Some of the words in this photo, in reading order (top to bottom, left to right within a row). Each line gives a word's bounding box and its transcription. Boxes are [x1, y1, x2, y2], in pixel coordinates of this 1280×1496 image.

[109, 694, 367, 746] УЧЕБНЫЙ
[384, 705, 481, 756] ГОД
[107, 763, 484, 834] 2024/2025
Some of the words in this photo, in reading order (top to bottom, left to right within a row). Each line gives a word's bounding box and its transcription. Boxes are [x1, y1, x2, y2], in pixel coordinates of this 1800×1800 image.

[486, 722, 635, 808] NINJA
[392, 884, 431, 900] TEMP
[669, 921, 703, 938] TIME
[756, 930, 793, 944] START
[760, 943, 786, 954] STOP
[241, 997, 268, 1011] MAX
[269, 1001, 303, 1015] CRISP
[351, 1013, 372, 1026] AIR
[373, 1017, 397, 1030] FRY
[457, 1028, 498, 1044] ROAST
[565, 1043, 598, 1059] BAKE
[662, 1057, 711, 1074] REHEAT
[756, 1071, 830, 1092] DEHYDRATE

____________

▶ _INSTRUCTIONS TO FOLLOW_: Copy out all of the material, word for word.

▶ _FINAL ANSWER_:
Some of the words in this photo, in reading order (top to bottom, left to right within a row). Each line gives a word's bounding box and its transcription. Boxes are [x1, y1, x2, y2], in pixel coordinates of this 1280×1496 image.

[109, 694, 367, 746] УЧЕБНЫЙ
[384, 705, 481, 756] ГОД
[107, 763, 484, 834] 2024/2025
Some of the words in this photo, in reading order (top to bottom, left to right within a row). Each line gives a word's bounding box and its transcription. Boxes are [x1, y1, x2, y2], in pixel coordinates of this 1800×1800 image.

[486, 722, 635, 808] NINJA
[392, 884, 431, 900] TEMP
[669, 921, 703, 938] TIME
[756, 930, 793, 944] START
[760, 943, 786, 954] STOP
[241, 997, 268, 1011] MAX
[269, 1001, 303, 1015] CRISP
[351, 1013, 372, 1026] AIR
[373, 1017, 397, 1030] FRY
[457, 1028, 498, 1044] ROAST
[565, 1043, 598, 1059] BAKE
[662, 1057, 711, 1074] REHEAT
[756, 1071, 830, 1092] DEHYDRATE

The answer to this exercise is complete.